▶ [TASK OBJECTIVE]
Where "Nenuco" occurs in a line of the entries below, copy that line.

▶ [RECORDS FOR THE EXERCISE]
^^^^
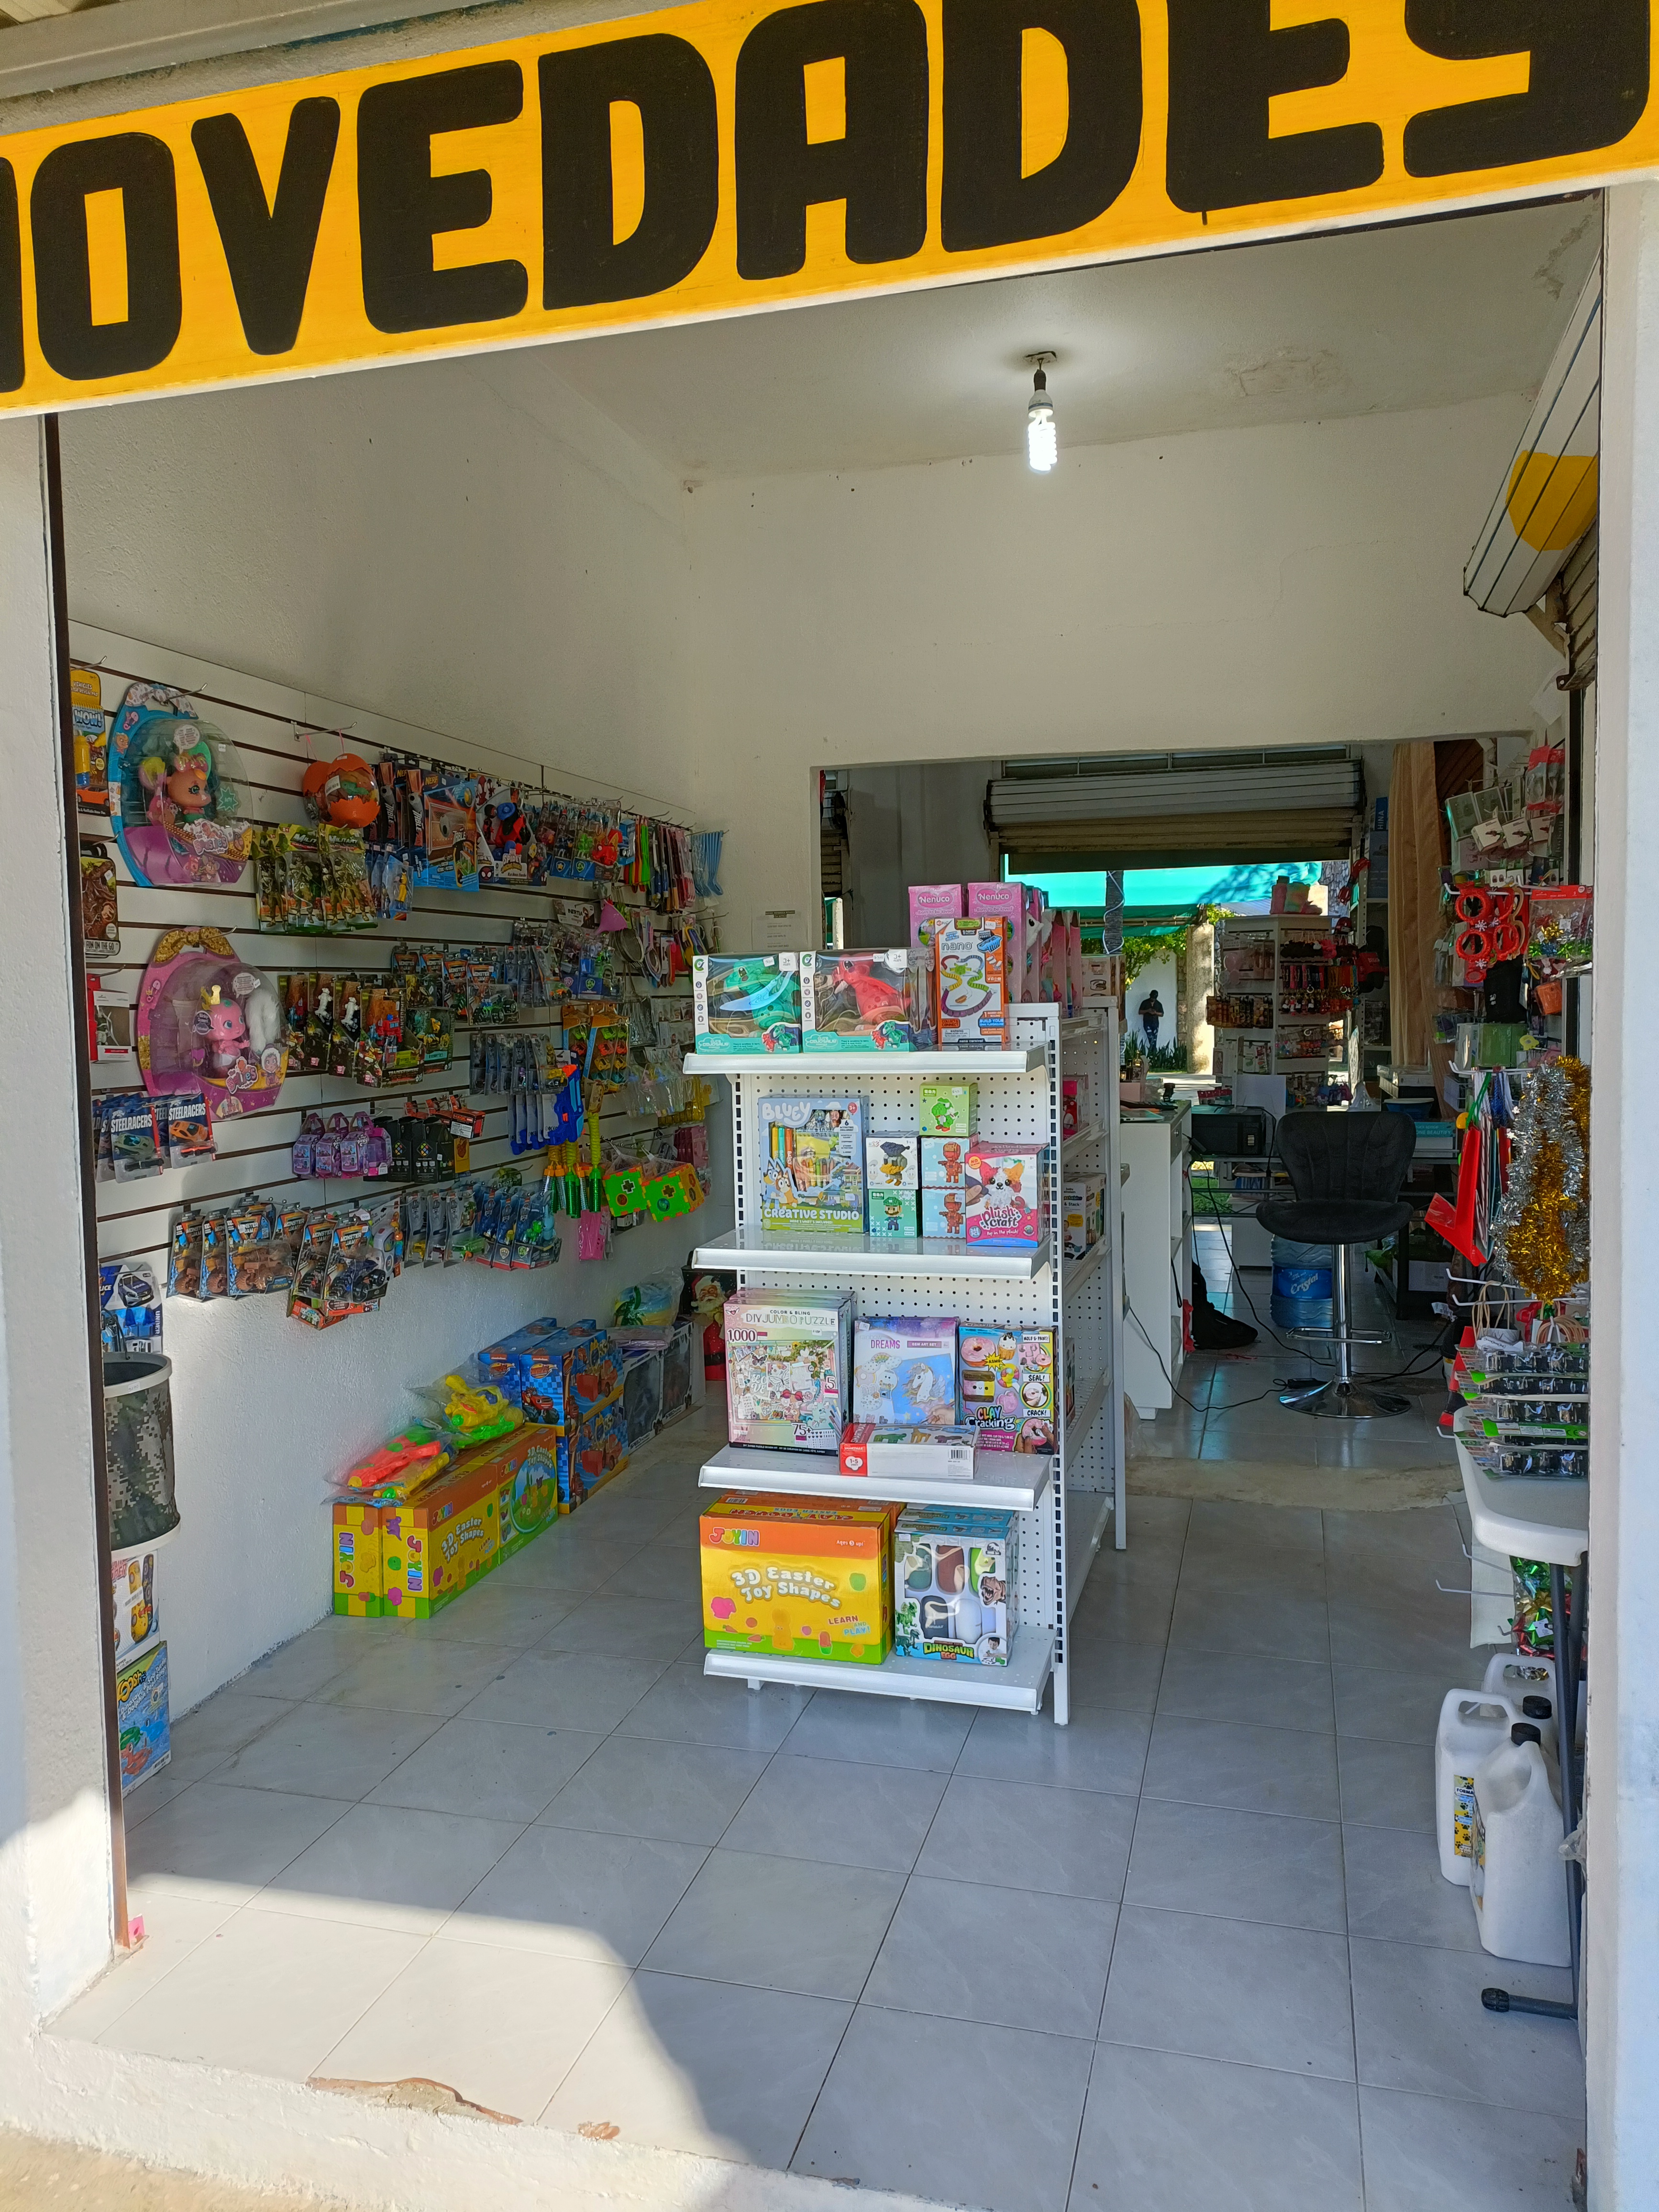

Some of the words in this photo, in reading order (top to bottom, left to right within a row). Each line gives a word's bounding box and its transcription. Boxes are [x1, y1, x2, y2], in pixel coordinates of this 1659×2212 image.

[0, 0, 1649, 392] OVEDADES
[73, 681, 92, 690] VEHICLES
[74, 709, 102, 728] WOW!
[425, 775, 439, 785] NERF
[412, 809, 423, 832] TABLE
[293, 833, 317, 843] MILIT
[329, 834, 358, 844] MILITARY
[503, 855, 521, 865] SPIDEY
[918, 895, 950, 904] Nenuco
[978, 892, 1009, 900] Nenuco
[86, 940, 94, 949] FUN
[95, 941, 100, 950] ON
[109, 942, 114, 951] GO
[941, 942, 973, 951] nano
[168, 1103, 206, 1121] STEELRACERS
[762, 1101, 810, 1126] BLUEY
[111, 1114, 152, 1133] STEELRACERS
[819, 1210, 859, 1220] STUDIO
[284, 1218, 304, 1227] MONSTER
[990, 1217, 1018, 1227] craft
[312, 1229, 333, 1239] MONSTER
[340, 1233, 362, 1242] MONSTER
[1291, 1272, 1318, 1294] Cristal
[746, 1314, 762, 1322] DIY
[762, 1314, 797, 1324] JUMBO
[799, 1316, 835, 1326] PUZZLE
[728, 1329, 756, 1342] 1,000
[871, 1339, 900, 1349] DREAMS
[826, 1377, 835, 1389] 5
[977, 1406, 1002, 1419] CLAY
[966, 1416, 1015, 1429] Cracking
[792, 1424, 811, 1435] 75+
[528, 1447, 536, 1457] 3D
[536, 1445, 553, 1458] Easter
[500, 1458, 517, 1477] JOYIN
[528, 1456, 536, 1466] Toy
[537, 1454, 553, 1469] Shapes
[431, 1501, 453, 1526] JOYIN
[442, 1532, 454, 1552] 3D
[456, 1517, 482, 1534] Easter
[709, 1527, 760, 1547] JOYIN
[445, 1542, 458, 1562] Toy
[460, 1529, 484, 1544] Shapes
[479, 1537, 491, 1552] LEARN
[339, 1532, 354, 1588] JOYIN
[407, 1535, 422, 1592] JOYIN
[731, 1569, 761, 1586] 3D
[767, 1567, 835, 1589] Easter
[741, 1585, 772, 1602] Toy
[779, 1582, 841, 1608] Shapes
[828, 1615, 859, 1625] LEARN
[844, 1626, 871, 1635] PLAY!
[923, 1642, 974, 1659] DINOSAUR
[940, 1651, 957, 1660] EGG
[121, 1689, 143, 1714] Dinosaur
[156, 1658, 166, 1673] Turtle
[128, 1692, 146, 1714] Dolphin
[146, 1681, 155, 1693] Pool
^^^^
▶ [RESULT]
[918, 895, 950, 904] Nenuco
[978, 892, 1009, 900] Nenuco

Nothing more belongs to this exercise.